During the hearings, plaintiff attorney Donald Stewart accused Solutia of illegally creating mini-landfills by removing PCBs from contaminated areas and tucking the low-level PCB dirt under parking lots in Oxford and under geo-textile fabric on Solutia-owned acreage on the north and east sides of the former Monsanto plant.
Solutia and regulators from ADEM testified that those actions were allowable under interim measures in Solutia’s permit. They testified that the activities do not qualify as a final cleanup, but that they could eventually be approved as an appropriate final measure.
Stewart also questioned the fairness of Solutia removing PCB-contaminated fill dirt from residential properties without even setting a cleanup level. The fill dirt had been acquired from the Quintard Mall expansion. He said Solutia is not giving the PCB litigants and other property owners the same treatment.
Plaintiff attorneys also questioned why the agencies haven’t required Solutia to analyze for dioxins and furans, particularly the latter because of its known association with PCB manufacturing. Some of the plaintiffs in the PCB case have tested positive for elevated levels of dioxins and furans.
Dioxins and furans are produced by numerous methods of combustion, and at certain levels are known to be extremely toxic. In some industrial accidents and a well-known poisoning epidemic in Japan, people have become very sick due to contaminated PCB mixtures.
Solutia experts said they have no reason to believe that there are significant levels of dioxin or furan contamination from the Anniston plant, based on their knowledge of Monsanto’s manufacturing process. They acknowledged that there was a tiny amount of furan contamination in Monsanto’s PCB products, but they claimed that it would be negligible in the soil contamination.
Another subject of debate was Monsanto’s two former landfills, one of which contains an estimated 10 million pounds of PCB-contaminated waste. Both were constructed and used before the advent of landfill regulations.
Plaintiff attorneys asked why Solutia has not been required to conduct a die-trace study, to determine where the groundwater flows below the landfills.
They pressed defense witnesses on what sort of geological features underlie the landfills, and whether there might be an unidentified source of groundwater contamination. They noted that some areas of the landfills used to be iron ore pits, which may leak to the water table.
A Solutia-retained environmental engineer acknowledged that there has been no investigation of the geological features under the landfills.
He testified, however that he believes a die-trace study wouldn’t yield any important results, and that based on groundwater well monitoring data, he thinks the landfills are not leaking PCBs into the water table.
Hurry up and wait
At the outset, Laird said he wanted to expedite the hearings, and perhaps the PCB cleanup itself. “We’ve got a long way to go but maybe we should have already been there,” he told the attorneys in early March.
However, the hearings have been plagued with “stops and starts,” attorneys said.

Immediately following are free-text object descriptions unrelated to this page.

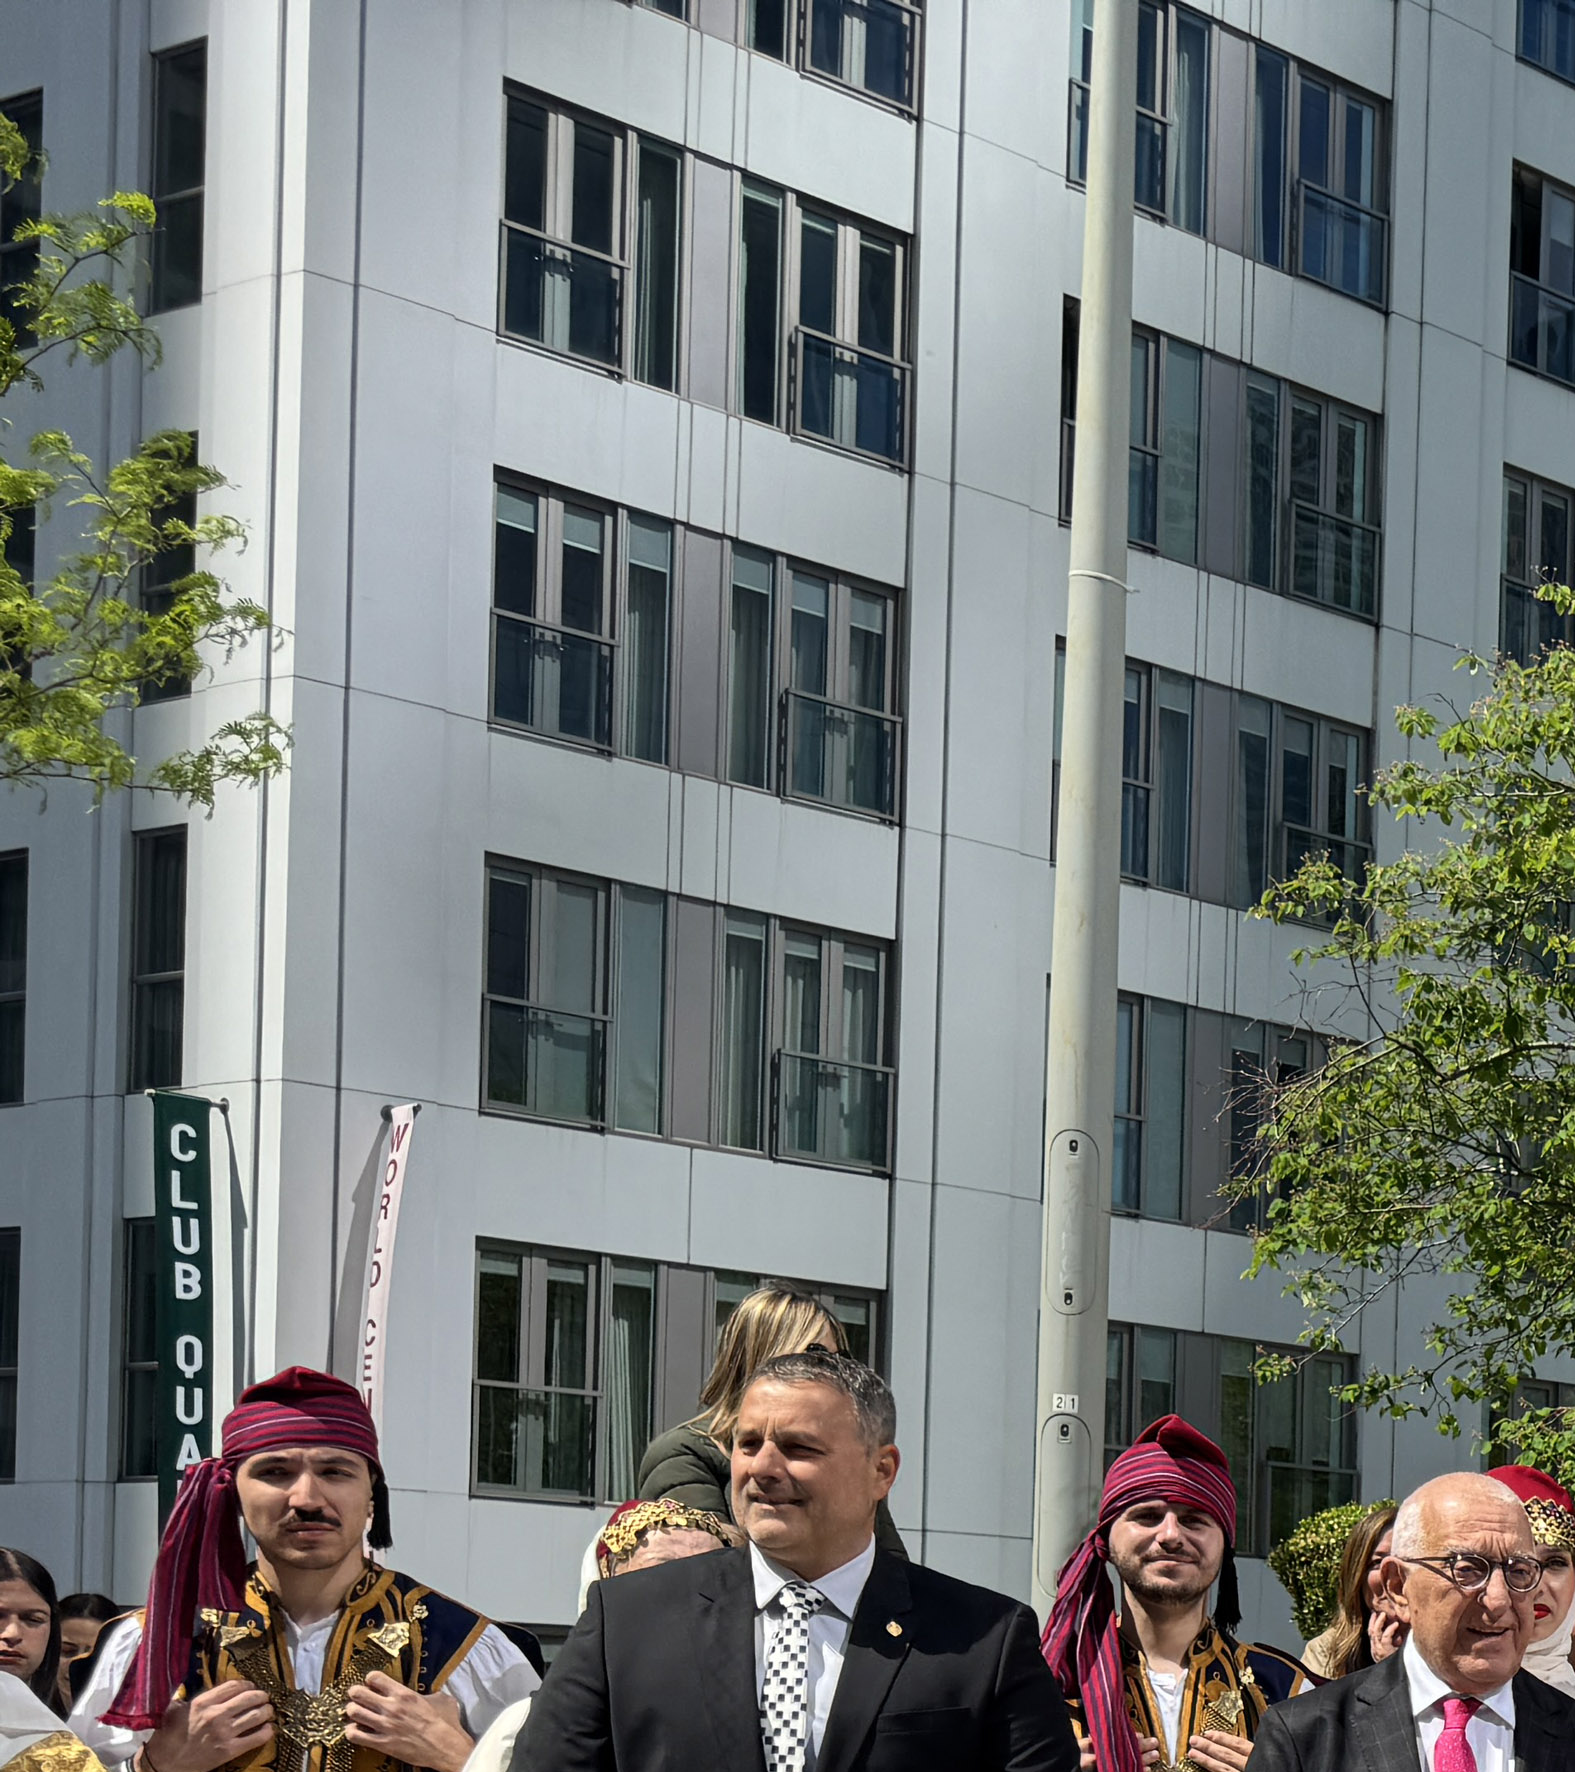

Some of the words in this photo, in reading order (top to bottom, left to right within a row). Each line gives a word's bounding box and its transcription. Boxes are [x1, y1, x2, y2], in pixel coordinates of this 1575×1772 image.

[170, 1122, 201, 1300] CLUB
[175, 1334, 203, 1494] QUA
[1056, 1396, 1075, 1410] 21
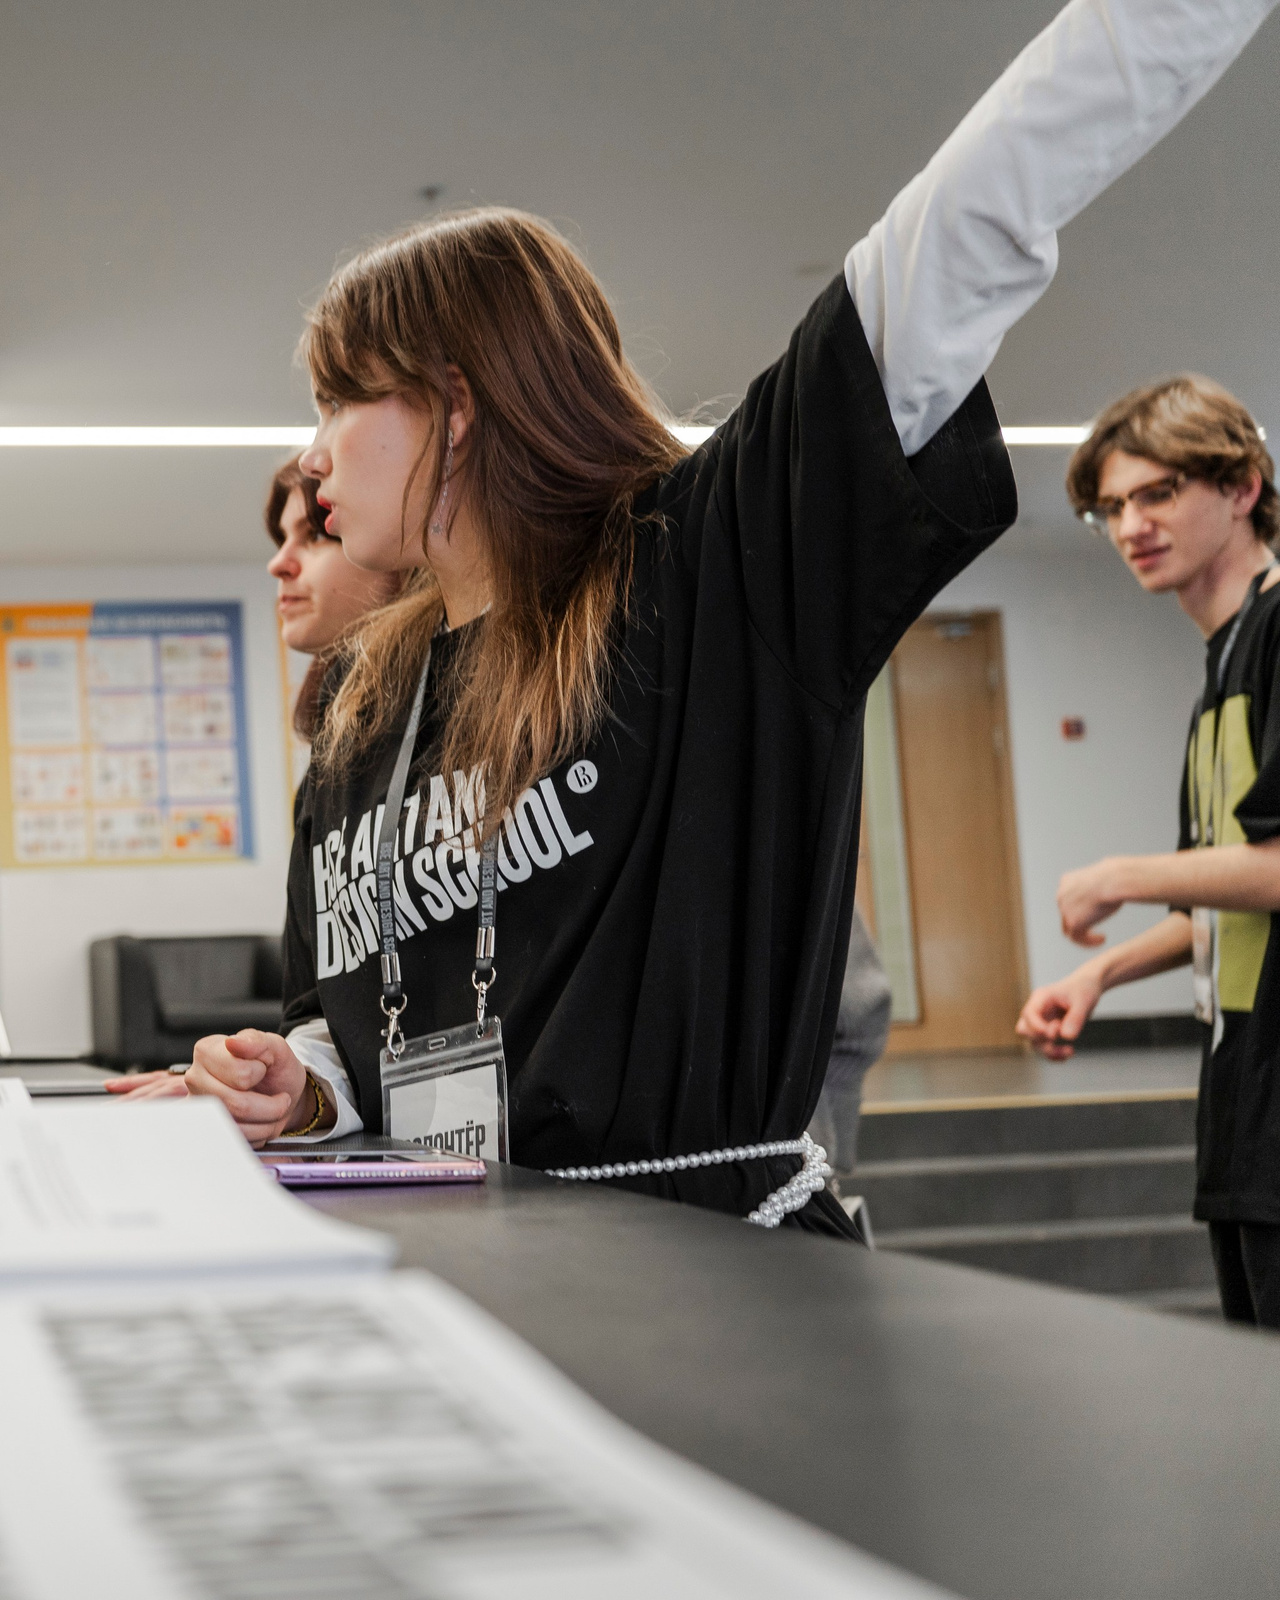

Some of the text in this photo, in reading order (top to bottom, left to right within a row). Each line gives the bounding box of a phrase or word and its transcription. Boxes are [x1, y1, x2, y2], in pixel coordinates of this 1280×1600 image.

[313, 816, 348, 912] HSE
[424, 760, 493, 845] AN
[378, 880, 391, 899] AND
[380, 900, 394, 936] DESIGN

In spite of the delays, the acrimony and Solutia attorneys’ regular objections to Laird rulings, a certain boot-camp atmosphere has pervaded the hearings. Some of them have lasted almost to midnight and involved hours of testimony on PCB data collection and the multi-regulatory actions at the site since 1993.

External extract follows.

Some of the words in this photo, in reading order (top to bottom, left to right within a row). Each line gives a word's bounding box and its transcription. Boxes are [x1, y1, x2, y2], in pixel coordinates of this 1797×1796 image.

The cleanup phase of the trial began seven weeks ago and ended at 3 p.m. Friday, resulting in 3,000 pages of trial transcripts, as compared to the total count of 10,000 pages of transcript in the trial, which began in early January.
Meanwhile, the paper-filled boxes lining the southern wall of Laird’s courtroom grew into a massive heap as Solutia attorneys entered evidence to prove that their cleanup efforts in Anniston have been appropriate so far.
Attorneys began removing those boxes Friday afternoon, when testimony concluded.
It now remains to be seen how Laird will rule on Solutia’s motions to get him to disqualify himself and bar his effort for cleanup.
Meanwhile, the trial in Gadsden is gradually moving to yet another pivotal event — as early as next month, several hundred plaintiffs will blame the chemical company of poisoning their health with PCBs.